Pietro Zinni (Edoardo Leo) e la sua banda di cervelli, dopo essere stati colti in flagranza di reato nel laboratorio di produzione del Sopox, sono stati rinchiusi in carcere. Zinni però non si arrende e da Regina Coeli cerca di far capire alle autorità che un pazzo ha sintetizzato il gas nervino ed è pronto a compiere una strage. Nessuno però lo prende sul serio, così non gli resta che farsi trasferire a Rebibbia per incontrare il Murena (Neri Marcorè), legato in passato allo stragista, e riunire la vecchia banda per sventare il piano criminale.
Si conclude con Smetto quando voglio – Ad honorem l’amata trilogia della banda dei ricercatori e, dopo la visione, già si avverte una certa nostalgia. Sydney Sibilia, infatti, ha il merito di averci regalato un prodotto a cui ci si affeziona subito, con un gruppo di personaggi irresistibile, una sceneggiatura inventiva e uno stile di regia accattivante.
Se il primo capitolo si aggira dalle parti della commedia all’italiana classica, attingendo però al mondo nerd della serialità televisiva, e se il secondo fonde il western e il poliziottesco col cinema action americano degli anni ’80 e ’90, il terzo capitolo è un prodotto ancora diverso ma più difficilmente classificabile. Possiamo dire, però, che dei tre è sicuramente quello al contempo più umano ed eroico.

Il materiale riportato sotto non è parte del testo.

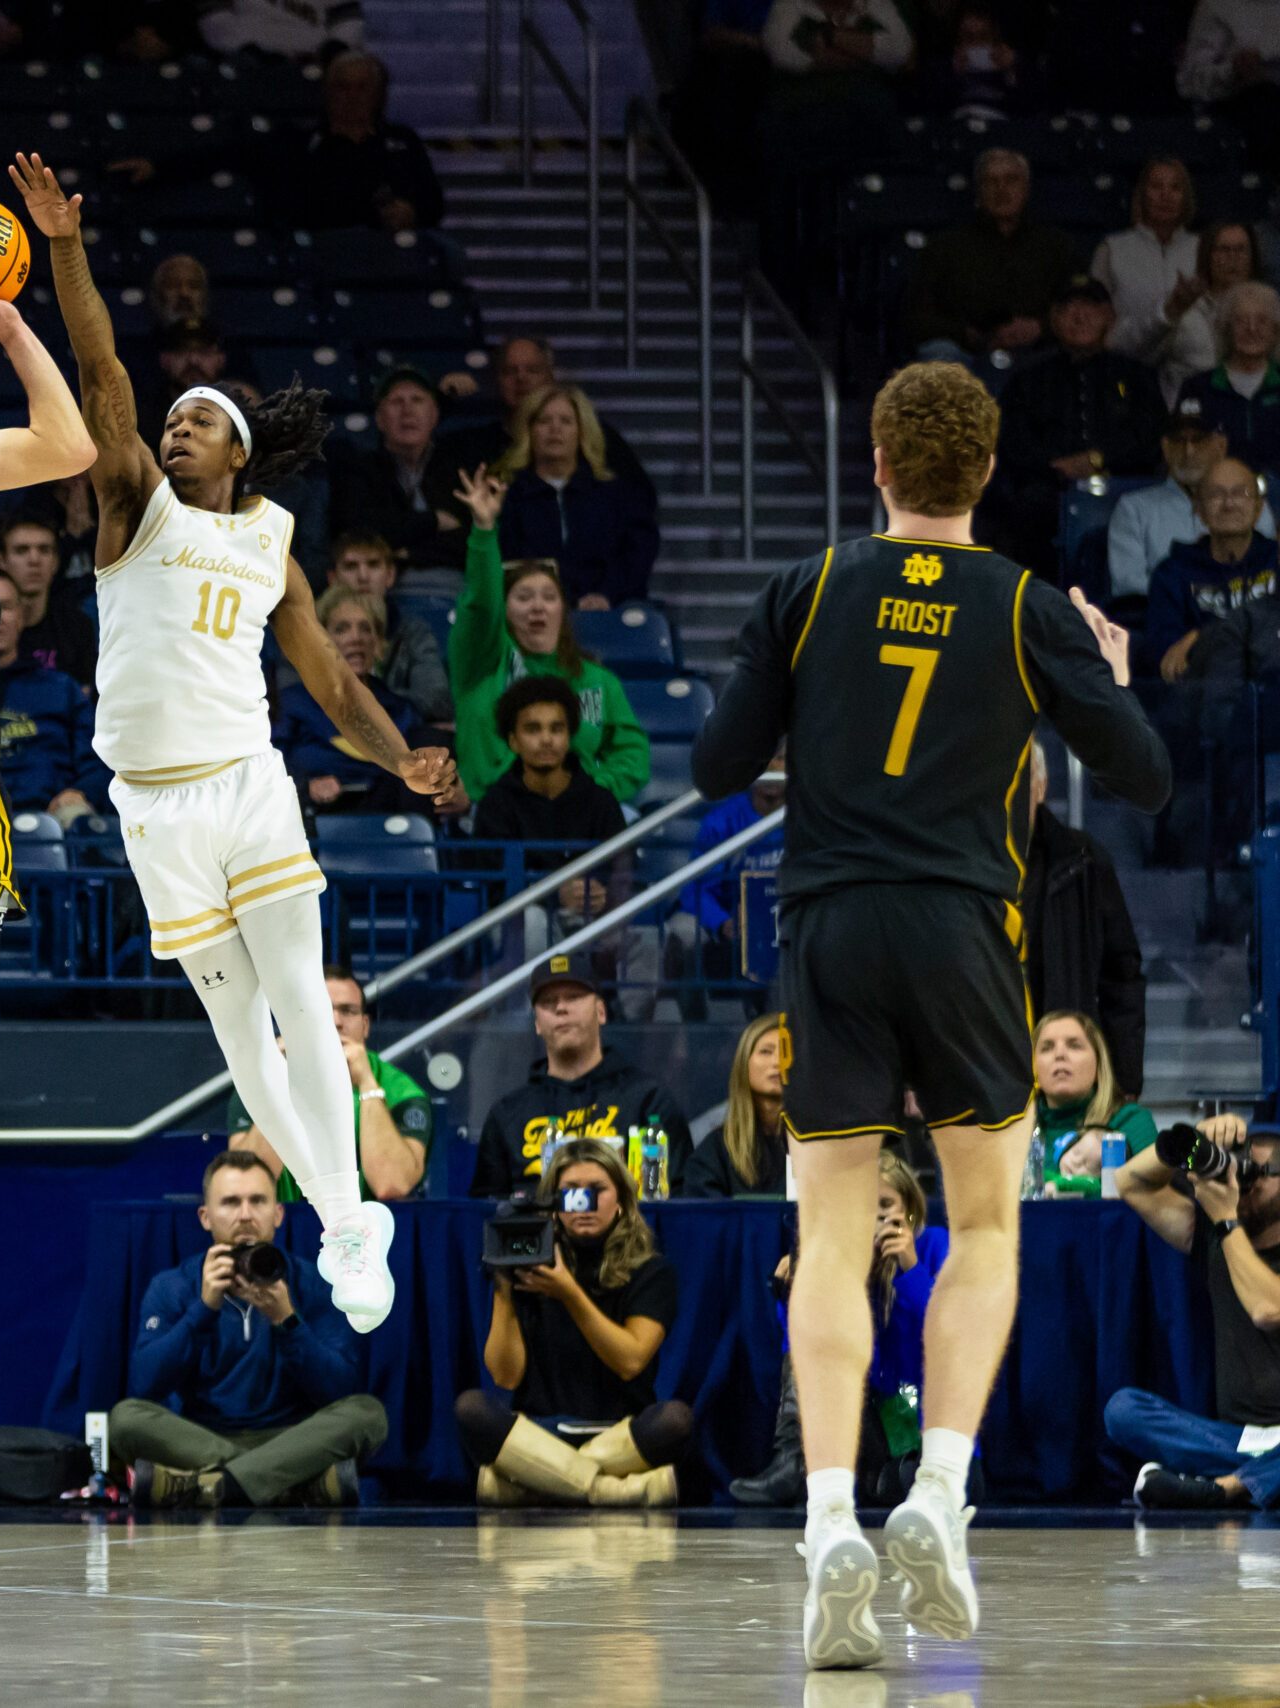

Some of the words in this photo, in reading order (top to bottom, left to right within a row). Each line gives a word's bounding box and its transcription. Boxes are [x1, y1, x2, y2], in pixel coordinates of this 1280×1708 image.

Per capirlo, basta vedere il personaggio del Murena di Neri Marcoré, che da figura di contorno e appena abbozzata nel primo capitolo, diventa personaggio a tutto tondo nel terzo, che si sofferma, infatti, sulle sue origini e sulla sua umanità ferita. Basti vedere, soprattutto, il villain borderline Walter Mercurio di Luigi Lo Cascio, che ha un passato legato strettamente al Murena e che trasforma la disperazione in sete di vendetta. Malinconico, sofferto e mai sopra le righe, Lo Cascio rende realistico e credibile un personaggio decisamente rischioso.

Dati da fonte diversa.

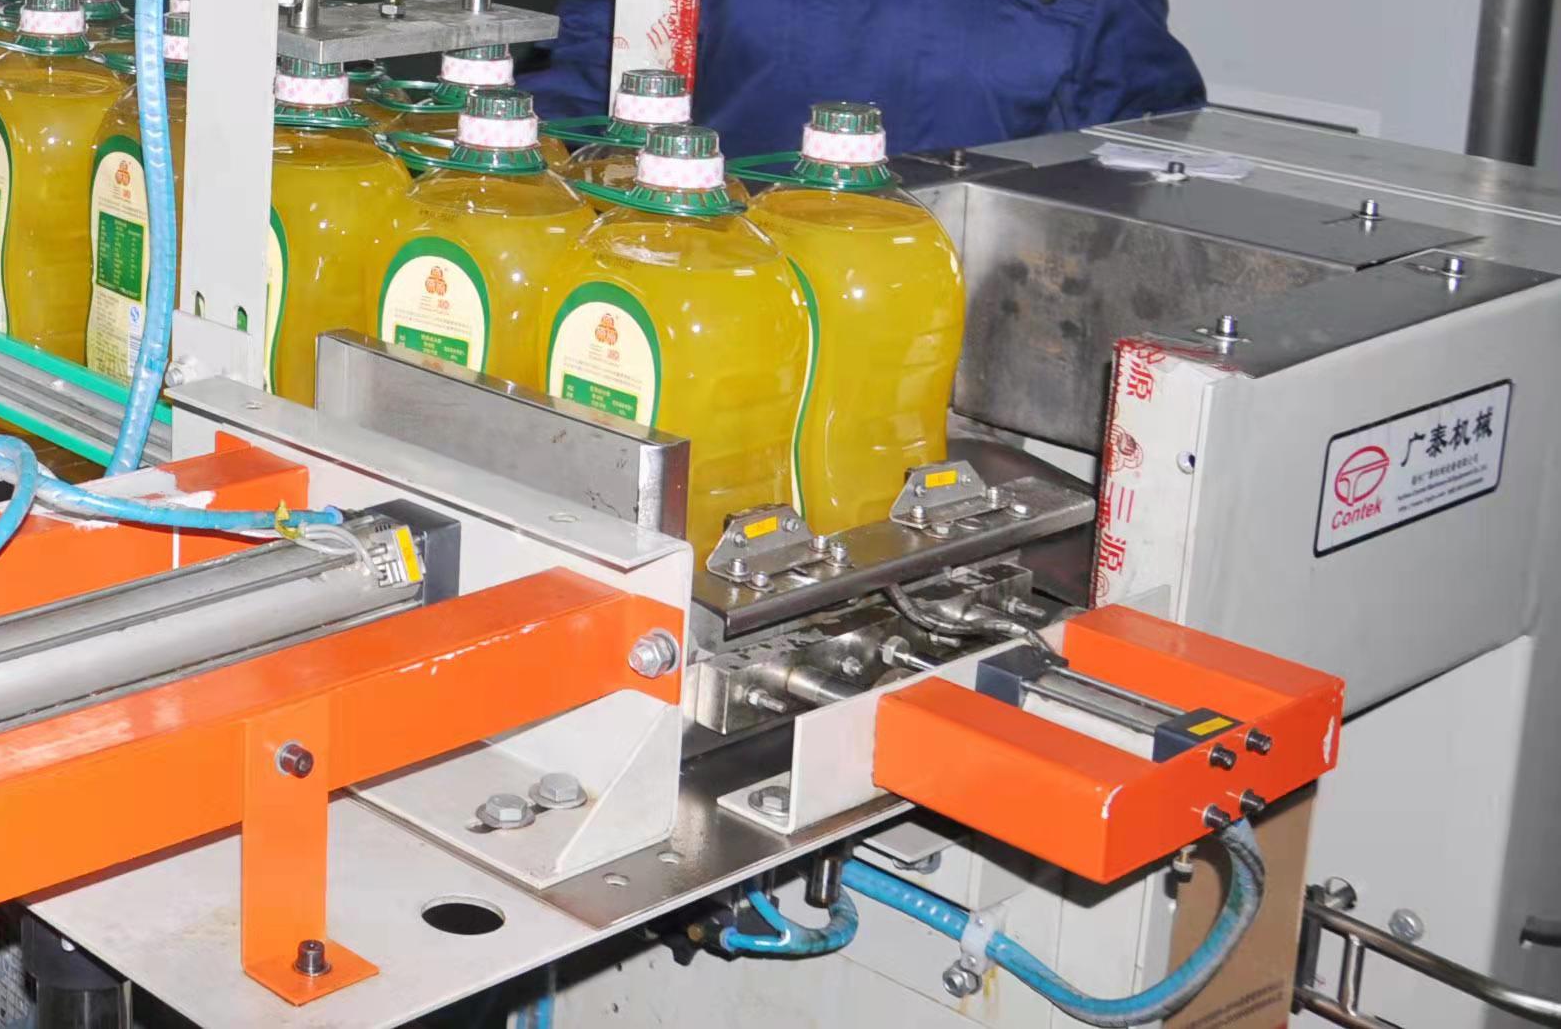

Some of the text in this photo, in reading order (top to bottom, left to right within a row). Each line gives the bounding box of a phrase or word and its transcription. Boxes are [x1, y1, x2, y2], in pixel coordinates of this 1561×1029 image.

[1401, 407, 1493, 467] 广泰机械
[1332, 498, 1383, 530] Contek
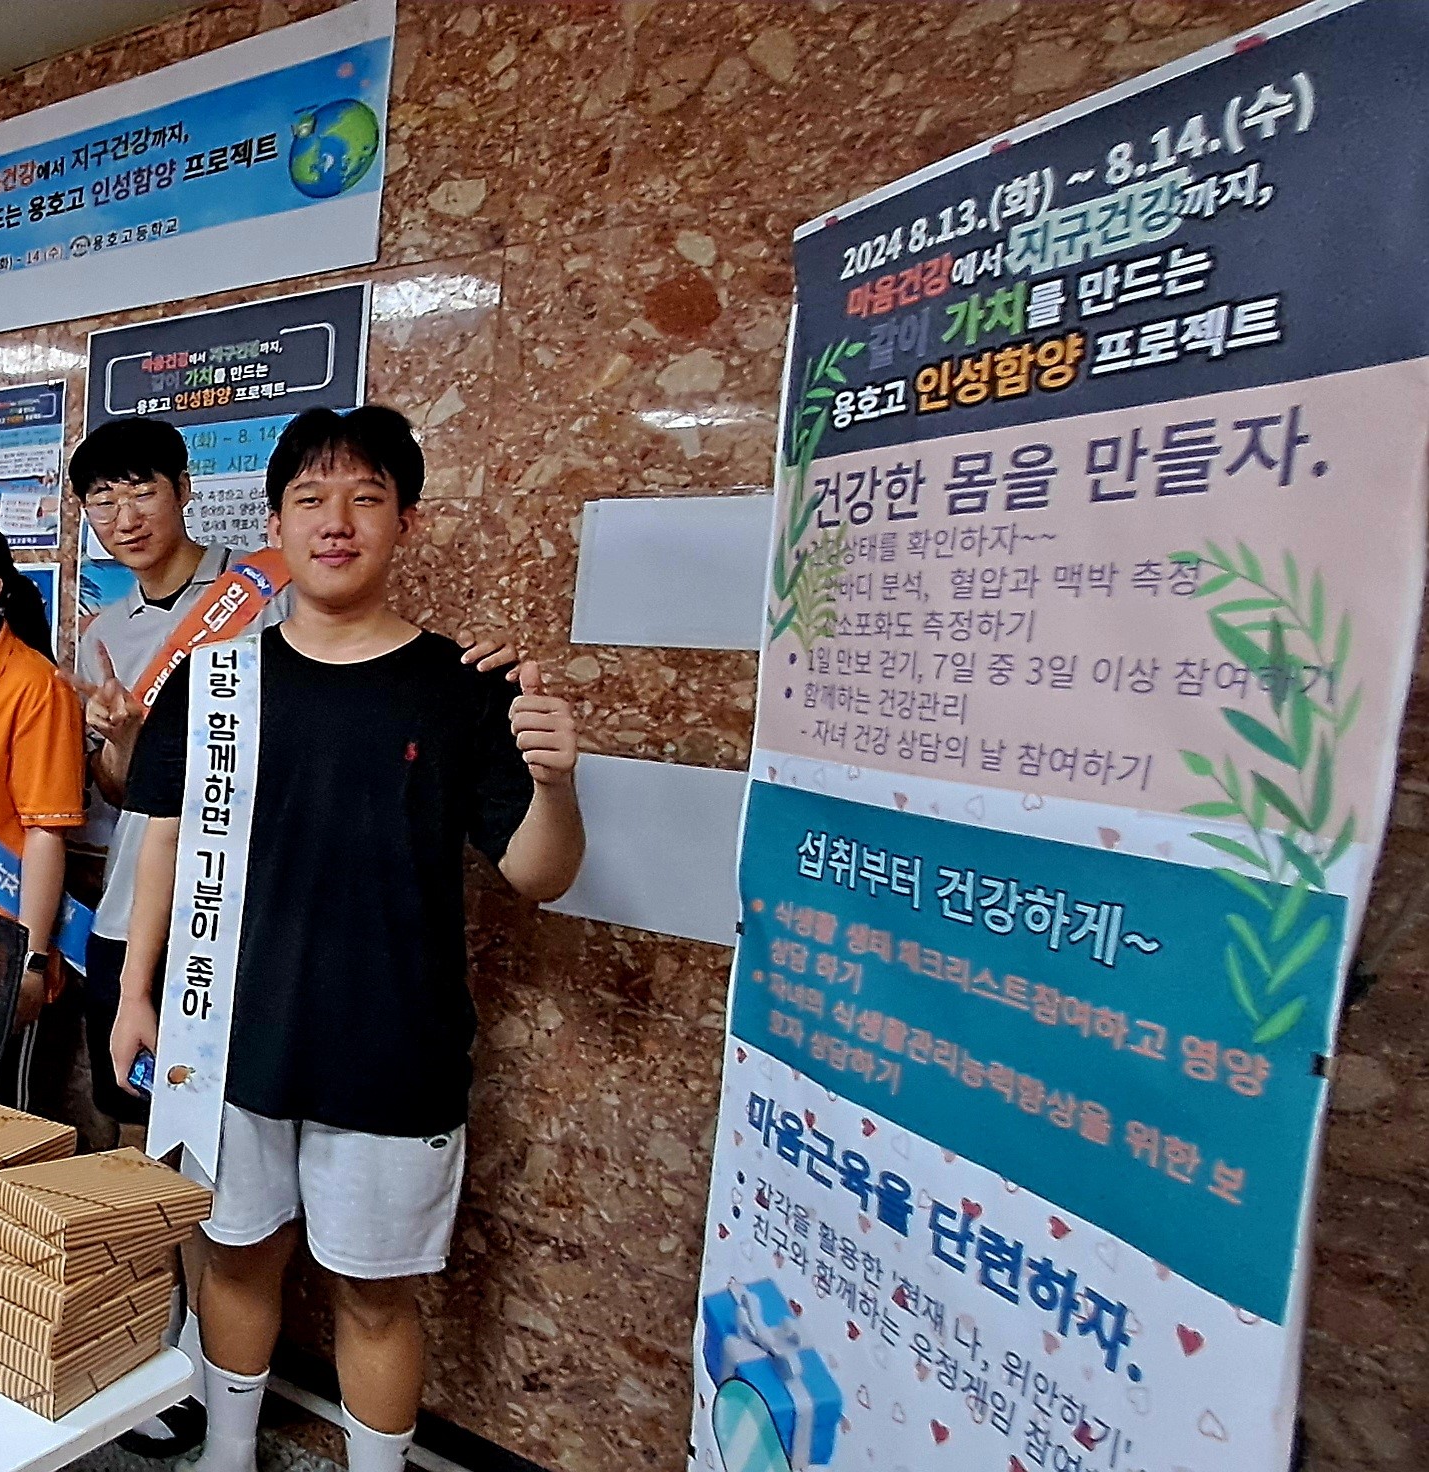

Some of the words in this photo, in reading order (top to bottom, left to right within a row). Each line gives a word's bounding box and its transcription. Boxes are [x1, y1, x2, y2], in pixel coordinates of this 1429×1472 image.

[28, 186, 85, 222] 용호고
[92, 159, 177, 205] 인성함양
[183, 132, 279, 183] 프로젝트
[72, 121, 190, 170] 지구건강까지,
[840, 227, 903, 281] 2024
[908, 166, 1055, 254] 8.13.(화)
[1106, 71, 1316, 185] 8.14.(수)
[92, 218, 179, 252] 용호고등학교
[846, 240, 1006, 319] 마음건강에서
[1010, 162, 1275, 273] 지구건강까지,
[870, 307, 932, 370] 같이
[941, 278, 1066, 346] 가치를
[1078, 247, 1212, 319] 만드는
[136, 397, 172, 415] 용호고
[174, 386, 232, 411] 인성함양
[234, 381, 287, 402] 프로젝트
[230, 363, 270, 382] 만드는
[832, 379, 907, 430] 용호고
[915, 332, 1086, 414] 인성함양
[1091, 296, 1282, 377] 프로젝트
[227, 453, 258, 473] 시간
[812, 459, 926, 528] 건강한
[943, 438, 1058, 516] 몸을
[1084, 403, 1329, 505] 만들자.
[882, 571, 929, 602] 분석,
[950, 565, 1040, 600] 혈압과
[1053, 561, 1119, 598] 맥박
[1130, 558, 1202, 597] 측정
[906, 522, 1058, 560] 확인하자~~
[923, 609, 1036, 643] 측정하기
[208, 648, 242, 700] 너랑
[803, 682, 872, 715] 함께하는
[878, 688, 968, 725] 건강관리
[807, 646, 830, 676] 1일
[836, 649, 872, 676] 만보
[879, 650, 923, 684] 걷기,
[933, 651, 977, 684] 7일
[988, 653, 1015, 687] 중
[1025, 655, 1077, 691] 3일
[1092, 655, 1160, 695] 이상
[200, 710, 242, 837] 함께하면
[811, 719, 848, 748] 자녀
[854, 725, 891, 756] 건강
[897, 730, 969, 767] 상담의
[980, 737, 1007, 772] 날
[1017, 741, 1153, 791] 참여하기
[190, 850, 227, 944] 기분이
[796, 828, 923, 910] 섭취부터
[934, 864, 1162, 969] 건강하게~
[181, 954, 215, 1022] 좋아
[774, 900, 838, 945] 식생활
[1181, 1034, 1271, 1098] 영양
[816, 951, 863, 995] 하기
[1125, 1119, 1201, 1185] 위한
[1207, 1159, 1246, 1206] 보
[745, 1090, 913, 1239] 마음근육을
[927, 1199, 1143, 1384] 단련하자.
[753, 1214, 810, 1276] 친구와
[815, 1257, 900, 1348] 함께하는
[909, 1332, 1016, 1438] 우정게임
[818, 1220, 885, 1291] 활용한
[954, 1317, 990, 1373] 나,

Ma in Smetto quando voglio – Ad honorem assistiamo, come dicevamo, alla trasformazione della bizzarra e un po’ sfigata brigata di cervelli dei primi due capitoli in coraggiosa banda di supereroi, pronta a impedire ad ogni costo la distruzione dell’università La Sapienza, la stessa che li ha maltrattati ma a cui rimangono profondamente legati. Ne deriva un messaggio di speranza e un invito a tutelare i luoghi del sapere, gli uomini che con passione ci lavorano e i giovani che ci studiano, incerti sul loro futuro ma non per questo meno motivati.
Diverse sono le sequenze irresistibili, su tutte l’evasione dal carcere di Rebibbia (un gustoso mix tra Mission impossible, L’uomo che sapeva troppo, Prison Break e Fuga da Alcatraz, La grande fuga) è da applauso per ritmo e trovate comiche e vanta un lavoro con gli attori straordinario, in cui ognuno è importante e nessuno primeggia. Anche se non possiamo che adorare, più di tutti, un grandioso Stefano Fresi in versione Conte d’Almaviva nella spassosissima scena a teatro.
Se la fotografia è meno acida e le gag sono più ridotte rispetto ai precedenti capitoli, il ritmo svelto, il montaggio serrato, i collegamenti ingegnosi agli altri due film e le battute fulminanti sono gli stessi. Il risultato è che Smetto quando voglio – Ad honorem dimostra di raccogliere molto bene i frutti dei precedenti capitoli, manifestando un’identità definita e concludendo alla grande una delle saghe più innovative del cinema italiano moderno.